Out‐standing in my field!


It seems that clients are showing up lately with what I’d call groundedness issues.

It’s not uncommon for people to describe feeling off balance, unsure of their footing, etc. and not “getting” that they are also describing a physical condition.

I remember a friend saying, “Have you noticed, as you get older, you get less flexible?” I replied, “Yes, and bodies get less flexible, too!” She laughed, said, “I was thinking physical, but now that you mention it, my mind’s tightening up too.” She then booked a bodywork session.

The process, for me, is to notice how the body and mind (and spirit) are always in sync.

Yet, the body stuff often gets ignored.

Take the picture, above. The 2 people were photographed the same day, standing in the same place, for a workshop I was leading, on bodywork.

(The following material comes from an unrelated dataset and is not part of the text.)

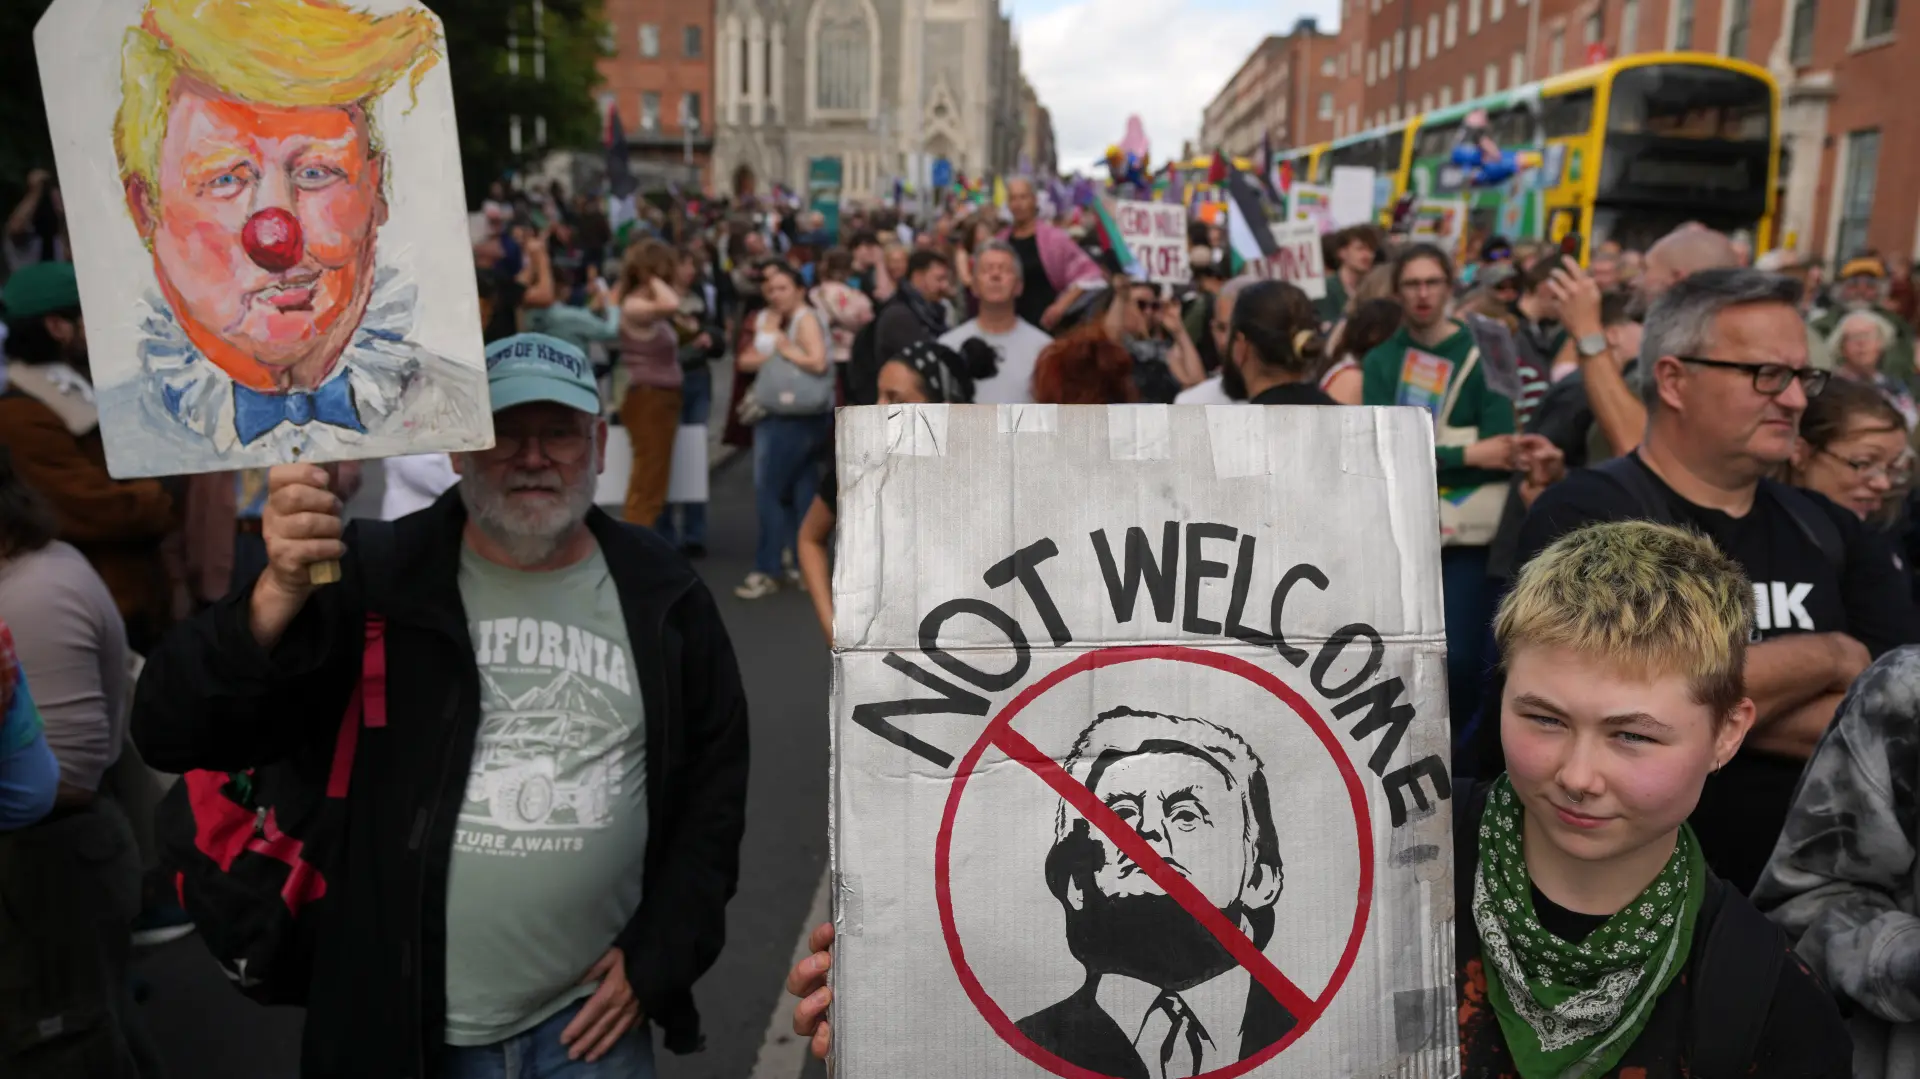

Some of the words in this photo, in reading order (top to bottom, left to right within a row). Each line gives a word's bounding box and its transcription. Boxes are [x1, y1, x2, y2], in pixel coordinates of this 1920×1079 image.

The instructions: “Stand with your foot touching the tape. We’ll photograph you from the front, back and side. Just stand naturally.

I decided to sandwich one person over the other, just so you can see the differences in their stance (allowing for the height difference…) The differences are also clearly indicated on the right 2 parts of the image, using orange lines.

  • The woman in yellow is standing pretty much upright, in what I think of as a stable posture.
  • The woman in blue is “leaning to the left,” from her pelvis up, and is therefore slightly “off balance.”

I’m not going to get into an explanation of what that means.

Rather,
I just want you to get the idea that the woman in blue thought she was standing straight.

To her, off balance is normal.

grid shot

This is how we get ungrounded or off balance, from a bodywork perspective. We don’t notice that our stance (both in life and physically) is off kilter. The body reacts to the internal pressures we create for ourselves, and mirrors our overall condition. Which is why we love taking bodywork pictures, so our clients can see what we see.

My clients lately have been reporting leg pain, and lower back pain, and if you think about it, that makes sense. If you are canted off centre, your body has to work harder, and that means pain—especially in the legs and lower back. And the knees.

From an emotional perspective, feeling unsafe, unworthy, unloved—all are aspects of not being grounded.

The internal feeling is as described—insecure and off balance. Typically, when asked, clients will then talk about how their way of being does not “fit the norm,” and when pressed further, describe an external “norm”— the “norm” comes from someone else. Mom or dad, a former partner, friends—someone has an idea about what “being a well‐balanced person” means, and then they judge my client as not being in compliance.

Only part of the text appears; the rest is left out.